Systematic comparison of sequencing-based spatial transcriptomic methods with cadasSTre and SpatialBench
Prof Matthew Ritchie, Epigenetics and Development Division (WEHI)

Zurich Seminars in Bioinformatics

  • 12:15 UZH Irchel Y55-l-06/08 and ZOOM Call

Abstract Sequencing-based Spatial Transcriptomics (sST) allows gene expression to be measured within complex tissue contexts. Although a wide array of sST technologies are currently available to researchers, efforts to comprehensively benchmark different platforms are currently lacking. The inherent variability across technologies and datasets poses challenges in formulating standardized evaluation metrics.

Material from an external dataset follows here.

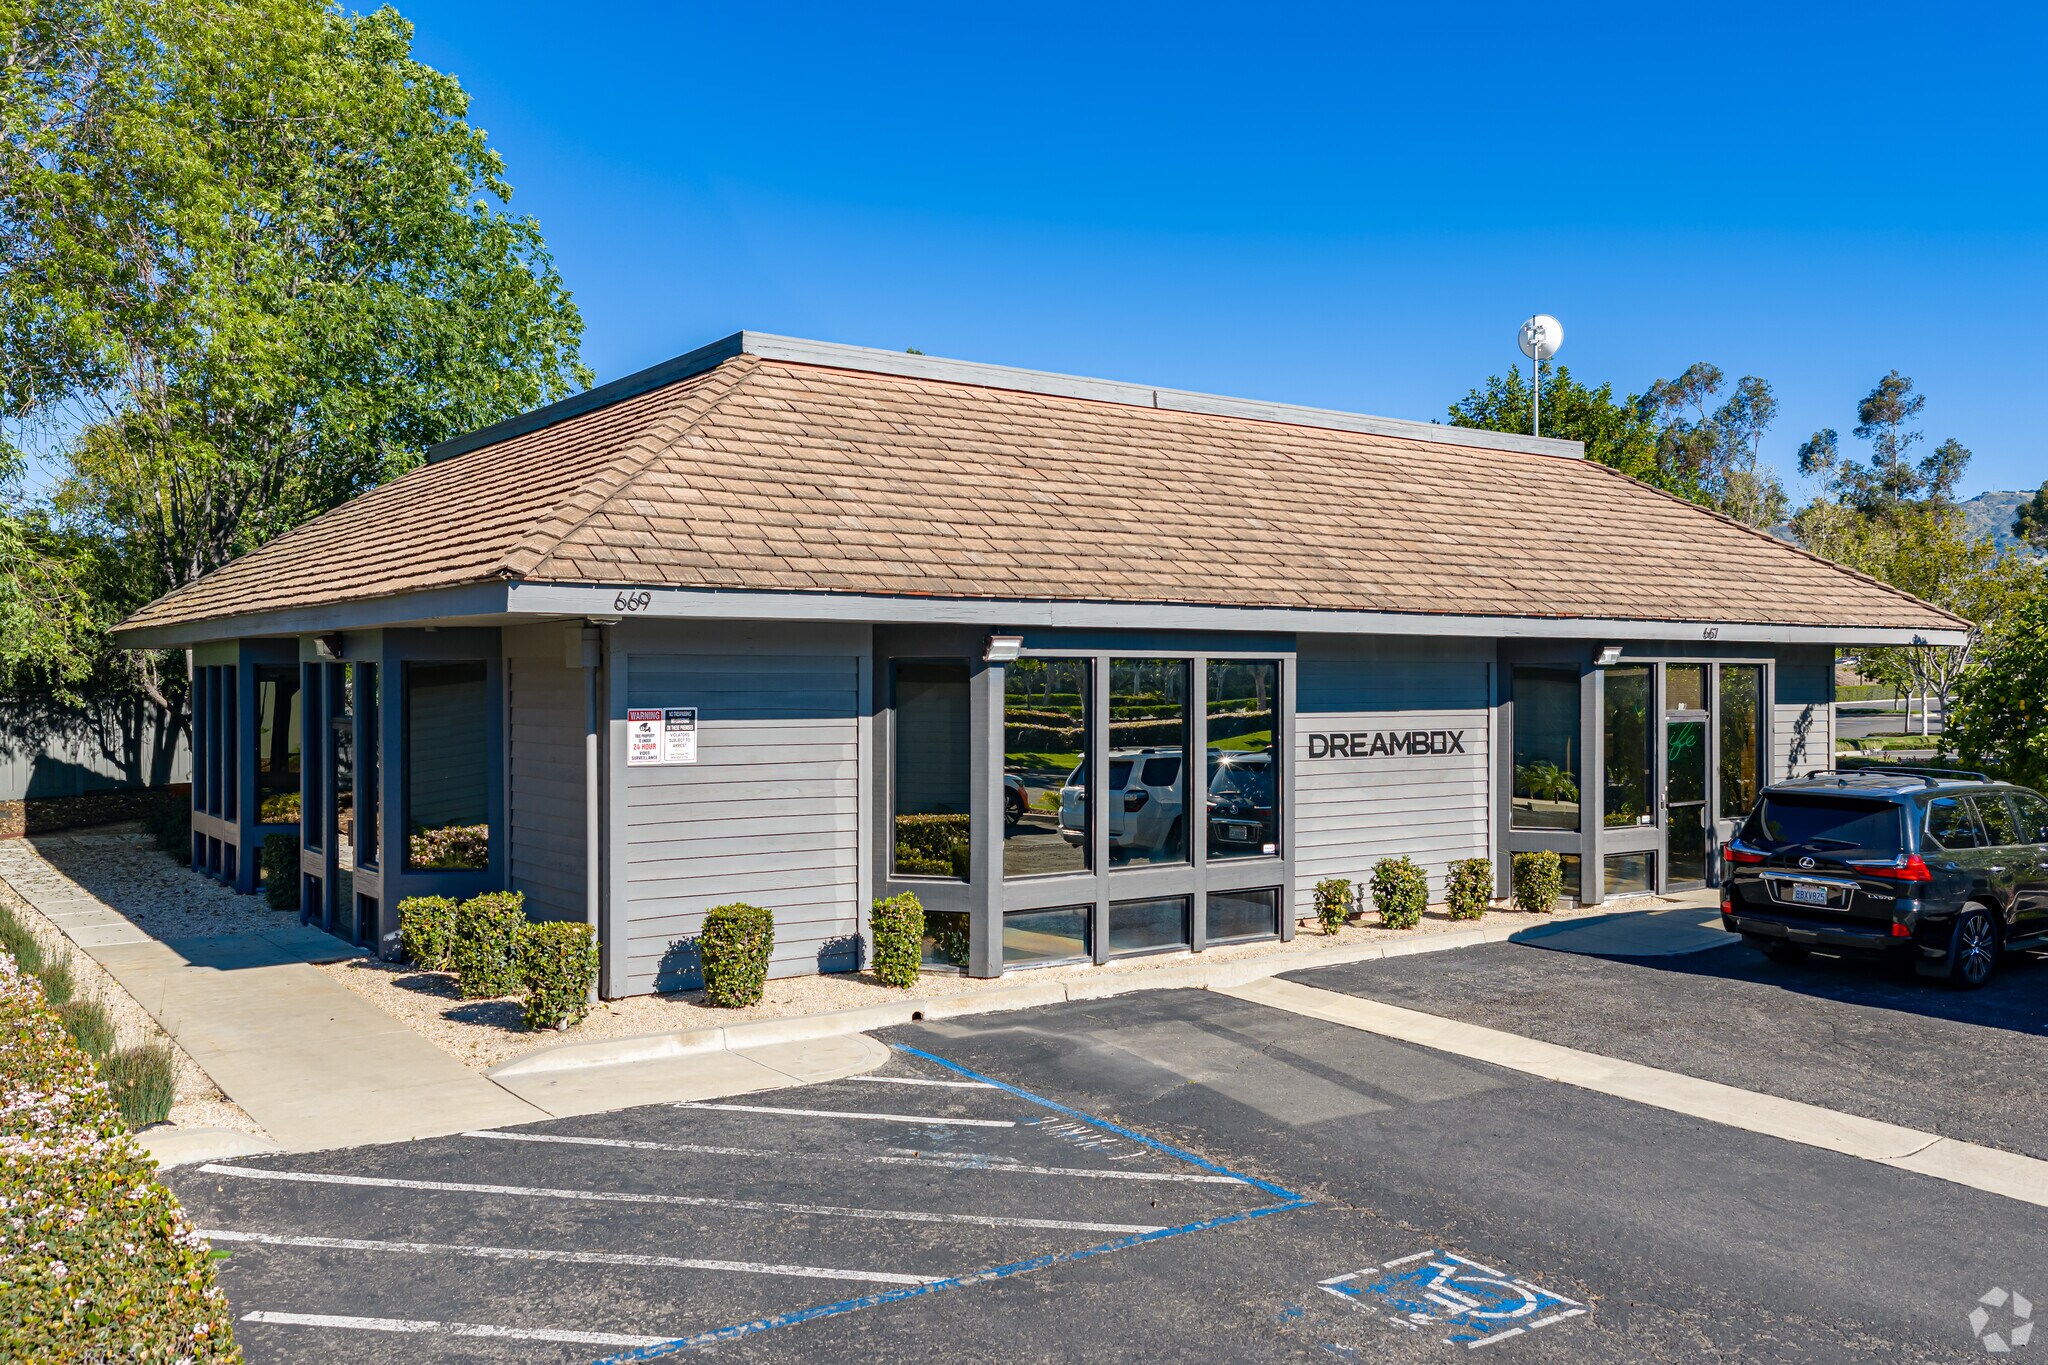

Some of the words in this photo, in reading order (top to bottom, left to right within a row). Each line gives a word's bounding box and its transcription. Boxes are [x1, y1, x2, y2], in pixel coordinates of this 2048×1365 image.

[614, 592, 651, 611] 669
[630, 711, 660, 720] WARNING
[1309, 730, 1465, 758] DREAMBOX

To address this, we established a collection of reference tissues and regions characterized by well-defined histological architecture and other biological ground truth and used them to generate the cadasSTre and SpatialBench datasets that compare 11 sST methods. We highlight molecular diffusion as a variable parameter across different methods and tissues, significantly impacting the effective resolution. Furthermore, we observed that spatial transcriptomic data demonstrate unique attributes beyond merely adding a spatial axis to single-cell data, including an enhanced ability to capture patterned rare cell states along with specific markers, albeit being influenced by multiple factors including sequencing depth and resolution. For the 10X Visium platform, we benchmarked the performance of different sample handling approaches after preprocessing, explored spatially variable gene detection and the ability of clustering and cell deconvolution to identify expected cell types and tissue regions. Multi-sample differential expression analysis was able to recover known gene signatures related to biological sex or gene knockout. Our datasets and analyses serve as a practical guide for sST users and will be useful in future benchmarking studies.